What Makes Green Tourism Green? Evaluating Costa Rica’s Discourses on Sustainable Development and Tourism in two Pacific Coast Towns

First name: 
Raymond
Last name: 
Crouch
Class Year: 
2016
Advisor: 
Carol Carpenter
Essay Abstract: 
By all outward appearances, Costa Rica has championed the ethos of conducting tourism on a so-called “sustainable” scale—that is, on terms that aim to bring maximal benefit to people and country while trying to avoid the most egregious offenses common to the industry. The country’s leaders were quick to pledge themselves in policy and in principle to the discourses established by the global community on what would define sustainable conduct, particularly to that which could strike a fine balance between preserving and still utilizing the values inherent in the natural environment. Thus, “green” and “ecotourism” were born as new practices that Costa Rica and many other countries took up in an attempt to still satisfy the contradictory pursuits inherent in appropriative transnational business. Ecotourism mandates an idea of nature as both a resource conserved for the common good while still being enjoyed as a commodity consumed by global tourist networks.
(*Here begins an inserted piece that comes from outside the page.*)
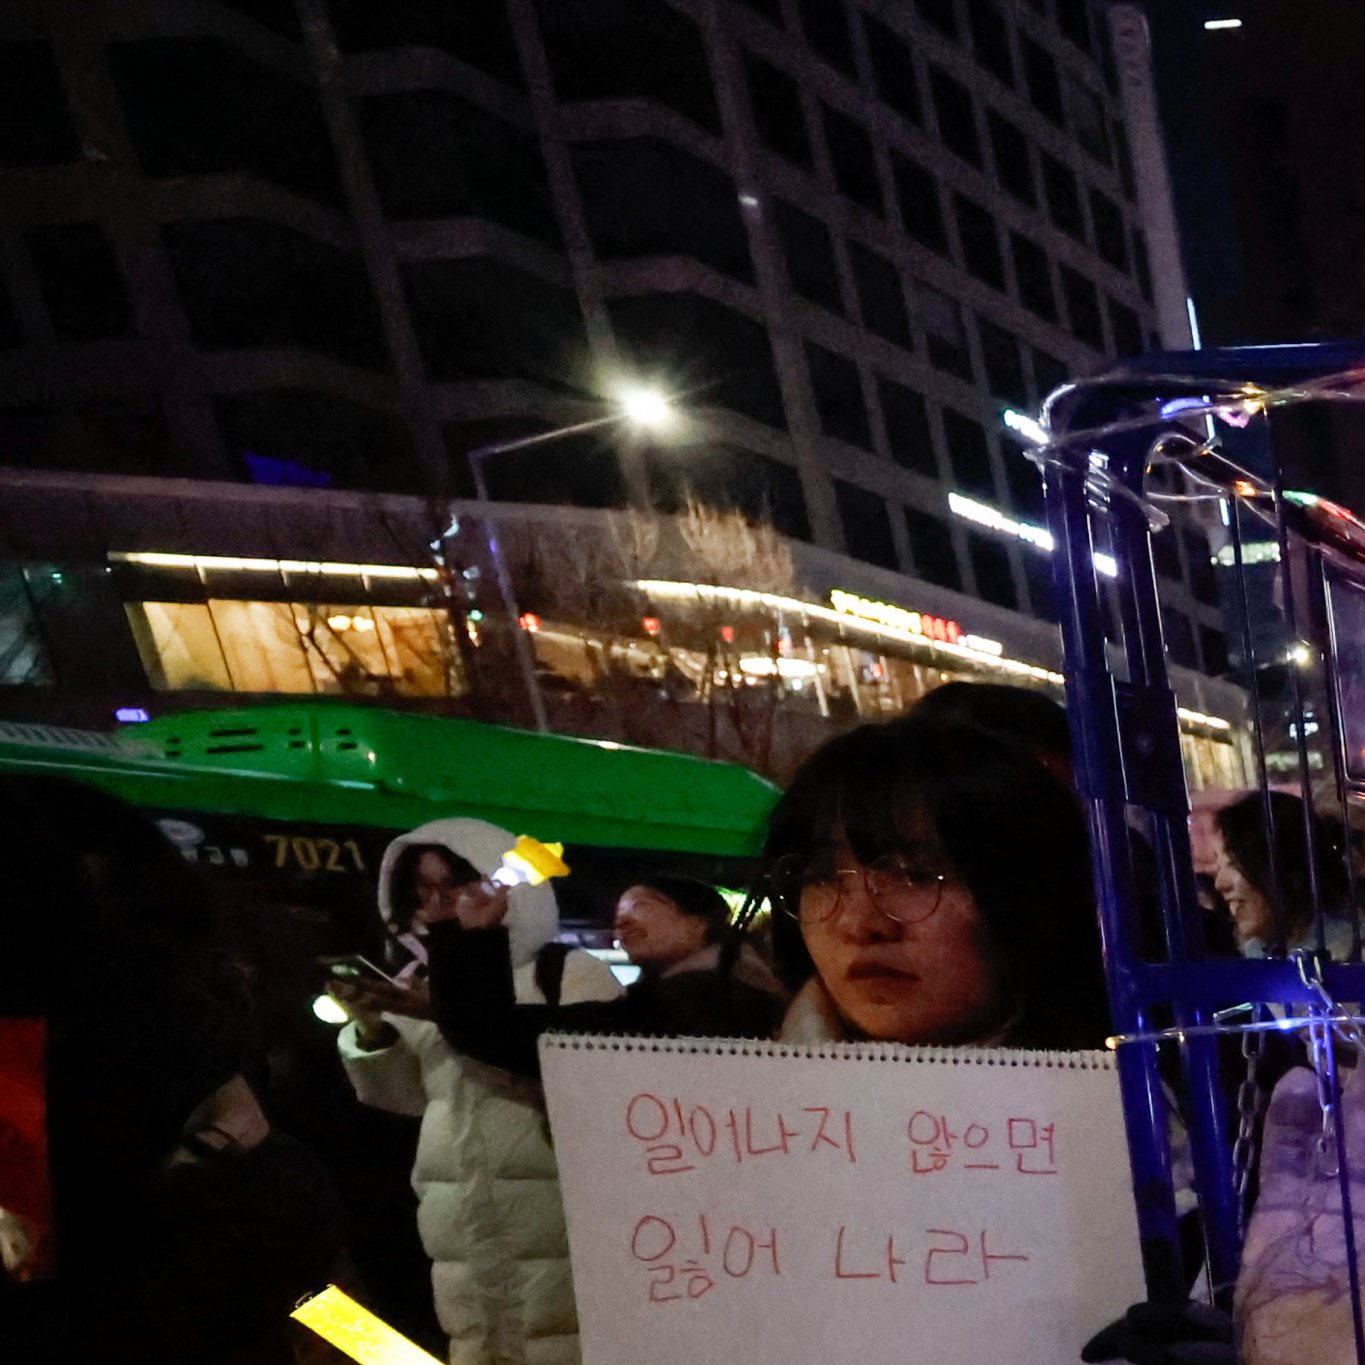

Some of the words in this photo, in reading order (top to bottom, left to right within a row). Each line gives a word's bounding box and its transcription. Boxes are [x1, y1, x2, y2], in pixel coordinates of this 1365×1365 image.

Tourism has been well documented as a complicated, contradictory, and nuanced activity for both local and foreign participants. As an industry dominated by the private sector, issues like the consumer’s demands and businesses’ bottom lines must contend with a host country’s receptivity and ability to brand itself as a tourism investment, all while still ameliorating threats of overconsumption and environmental degradation. Thus, sustainable tourism as an idea presents an extremely ambitious goal at best and a complicated if not impossible process at worst. The discourse and implementation of sustainable tourism in Costa Rica proves no different. The case studies of tourism in two Costa Rican coastal towns suggest that its nominal principles and policies continually come up against contradiction, compromise and subversion by the actors expected to normalize them.